[Image-backed grounding data]
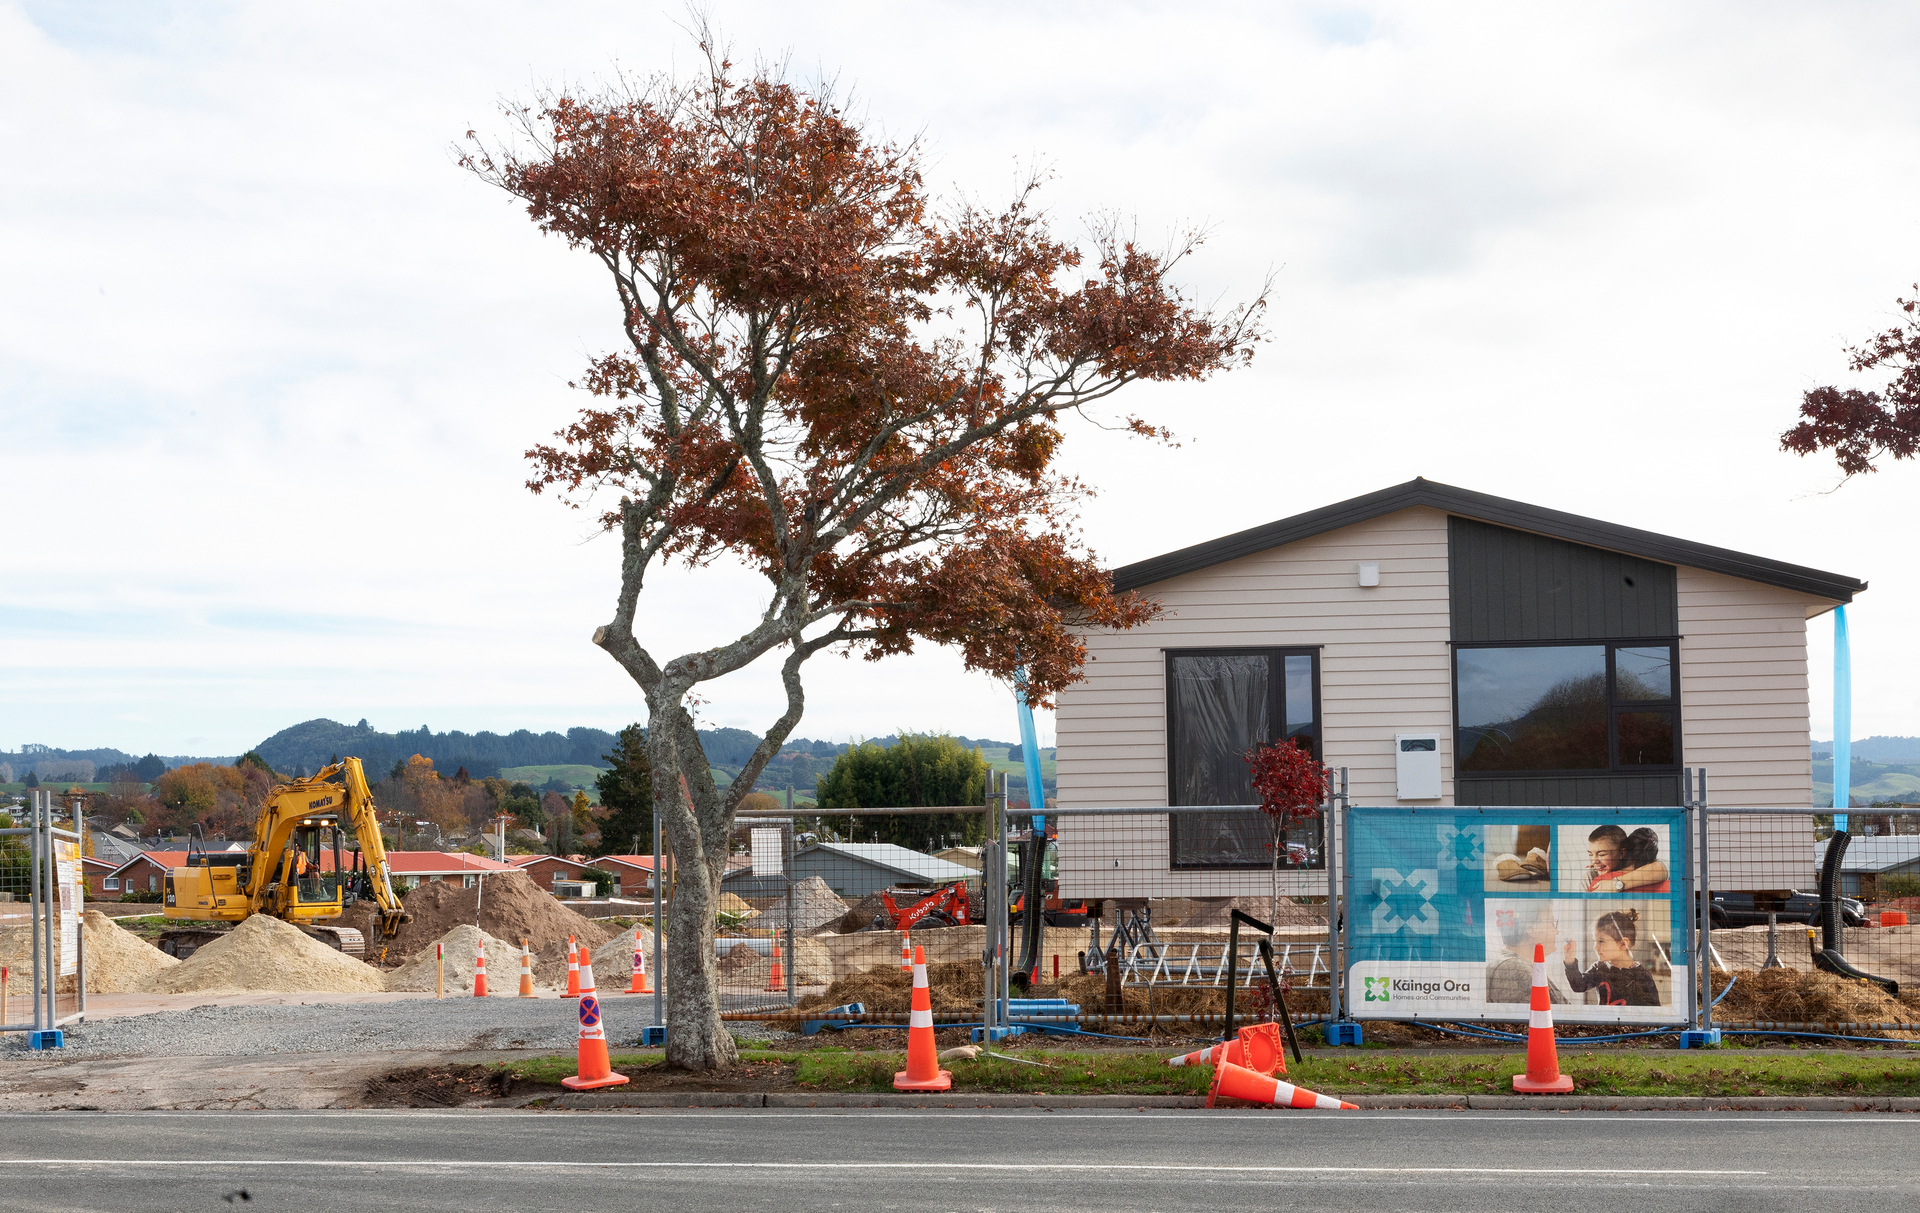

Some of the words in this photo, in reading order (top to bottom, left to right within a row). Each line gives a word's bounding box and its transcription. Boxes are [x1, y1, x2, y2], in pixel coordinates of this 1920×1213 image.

[308, 795, 333, 810] KOMATSU
[908, 901, 935, 920] Kubota
[1393, 979, 1440, 994] Kāinga
[1443, 979, 1470, 992] Ora
[1429, 994, 1470, 1002] Communities
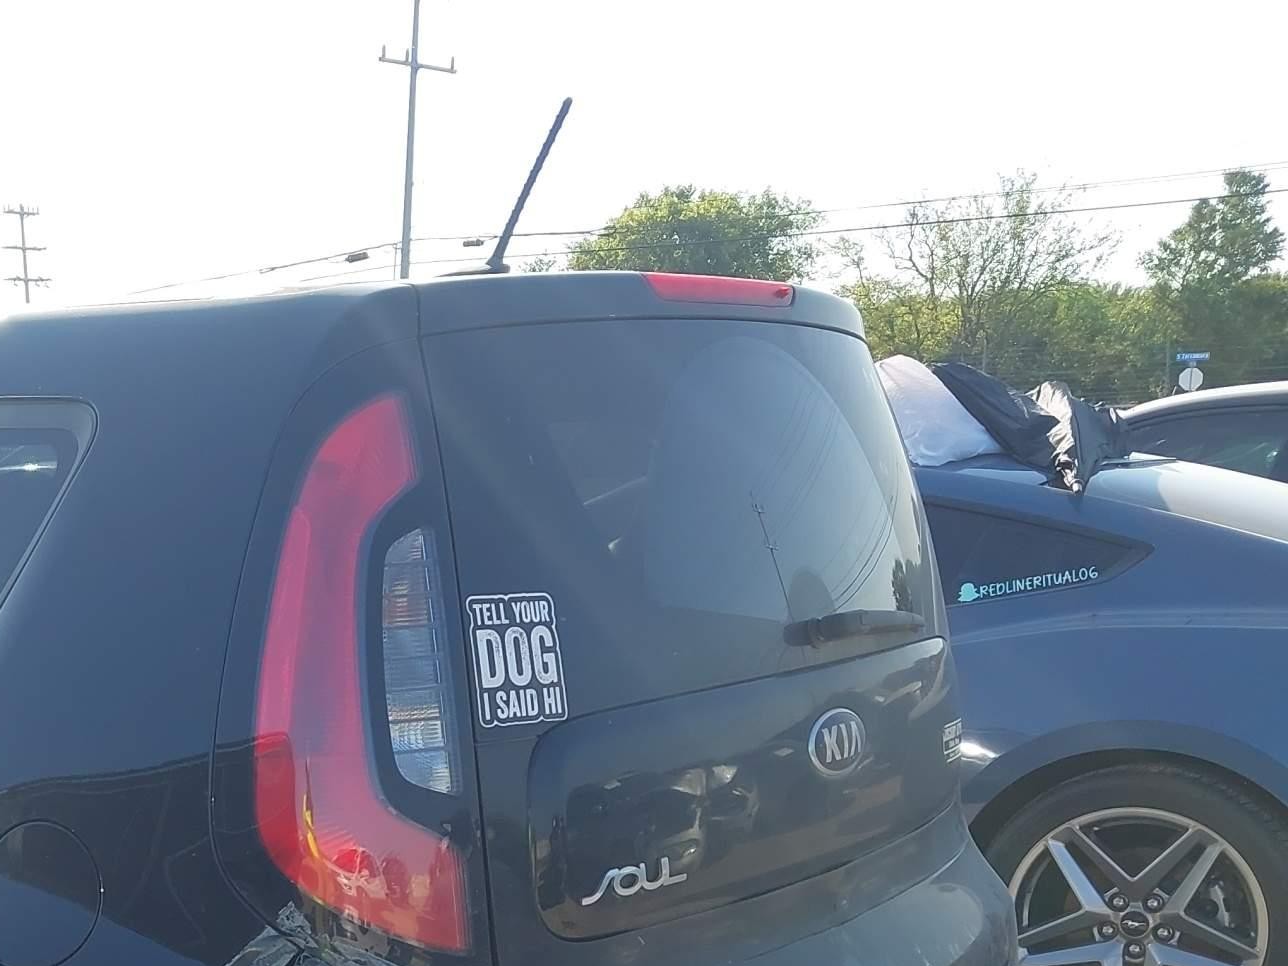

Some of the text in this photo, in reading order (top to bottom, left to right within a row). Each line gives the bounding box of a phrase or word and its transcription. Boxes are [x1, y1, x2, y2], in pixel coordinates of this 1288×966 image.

[472, 600, 550, 626] TELL YOUR
[475, 625, 559, 689] DOG
[483, 686, 563, 721] I SAID HI
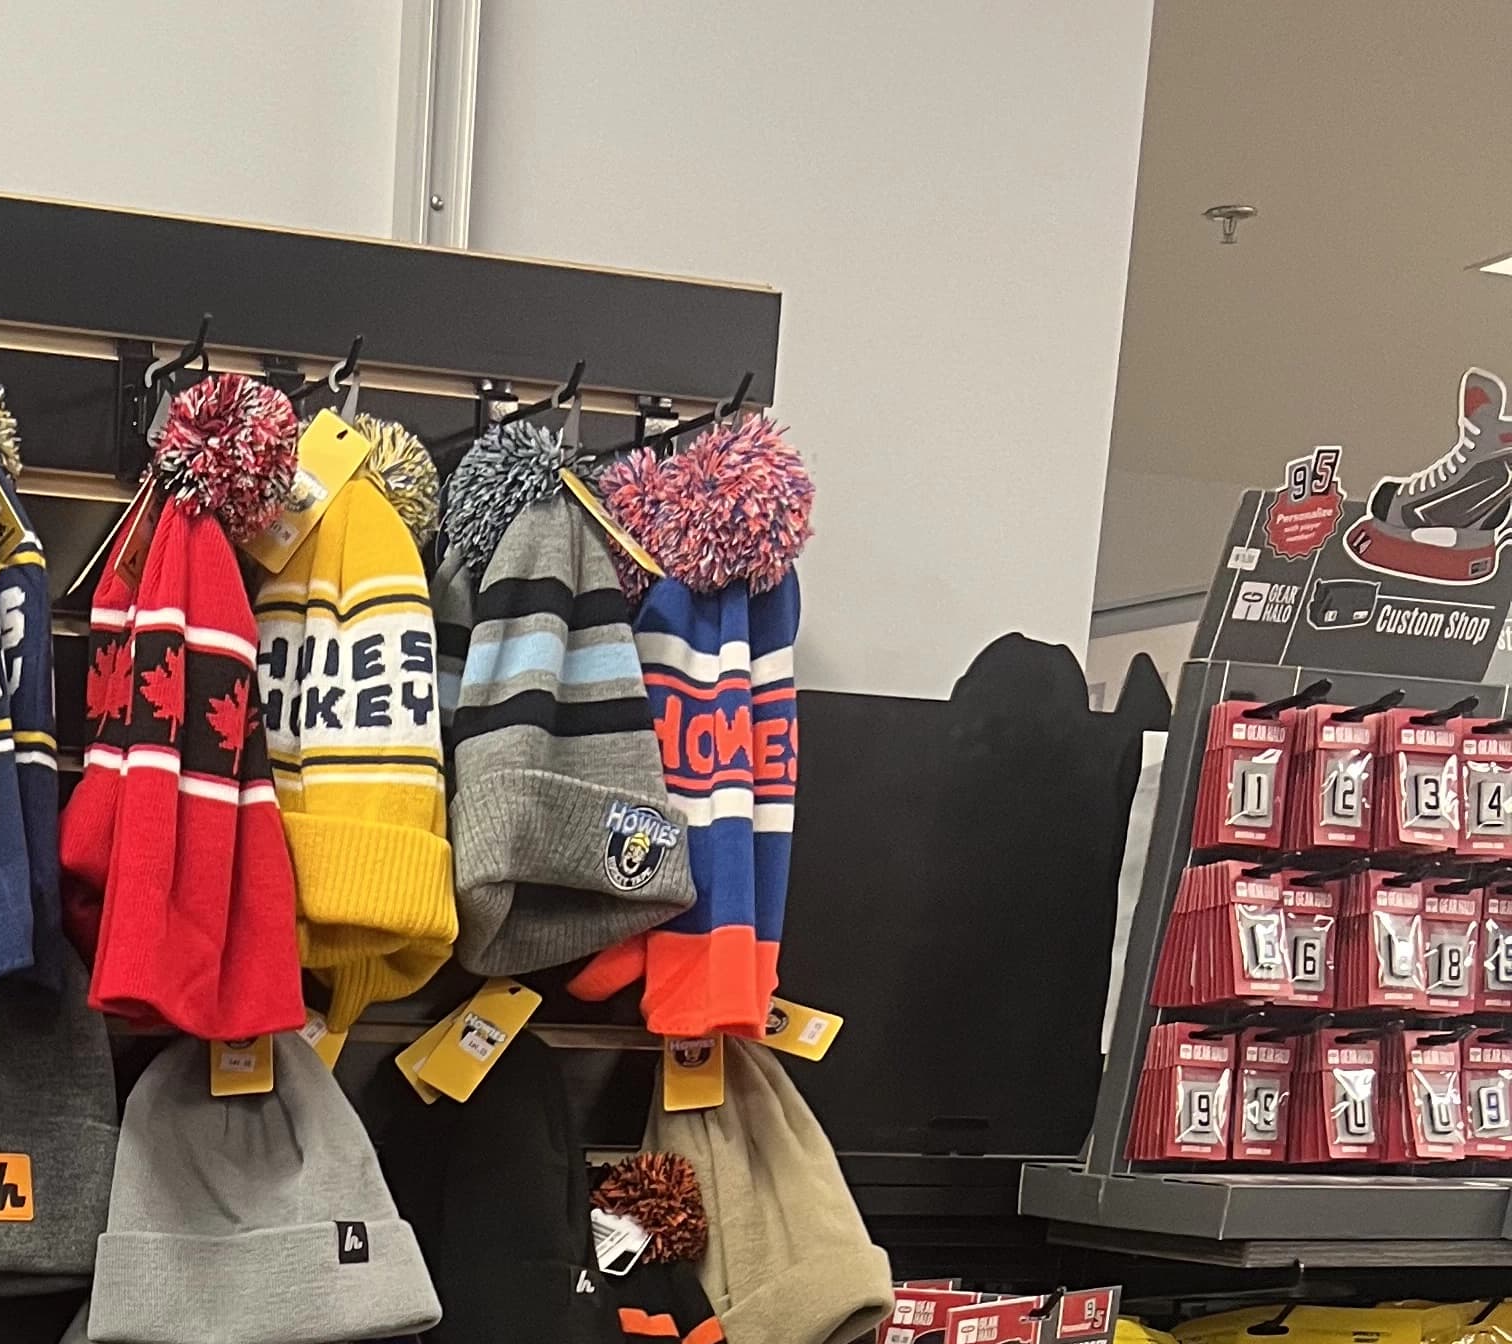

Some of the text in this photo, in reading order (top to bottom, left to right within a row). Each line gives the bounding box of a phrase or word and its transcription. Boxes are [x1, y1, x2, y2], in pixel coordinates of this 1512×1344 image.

Aim of the exercise: The records above need to be copied exactly, with the pictures left out.

Solution for this exercise:
Some of the words in this photo, in reading order (top to bottom, left to right within a row). Each line gives a word's bounding box and its transcription. Boxes are [x1, y1, x2, y2], in pixel coordinates of this 1920×1213 image.

[308, 795, 333, 810] KOMATSU
[908, 901, 935, 920] Kubota
[1393, 979, 1440, 994] Kāinga
[1443, 979, 1470, 992] Ora
[1429, 994, 1470, 1002] Communities

Some of the text in this photo, in reading order (top to bottom, left to right within a row). Each line gives the bounding box of a phrase or word and its transcription. Boxes are [x1, y1, x2, y2], in pixel coordinates of this 1288×966 image.

[472, 600, 550, 626] TELL YOUR
[475, 625, 559, 689] DOG
[483, 686, 563, 721] I SAID HI

Some of the text in this photo, in reading order (top to bottom, left to right within a row). Each line gives the bounding box of a phrase or word and its transcription. Boxes are [x1, y1, x2, y2], in pixel coordinates of this 1512×1344 image.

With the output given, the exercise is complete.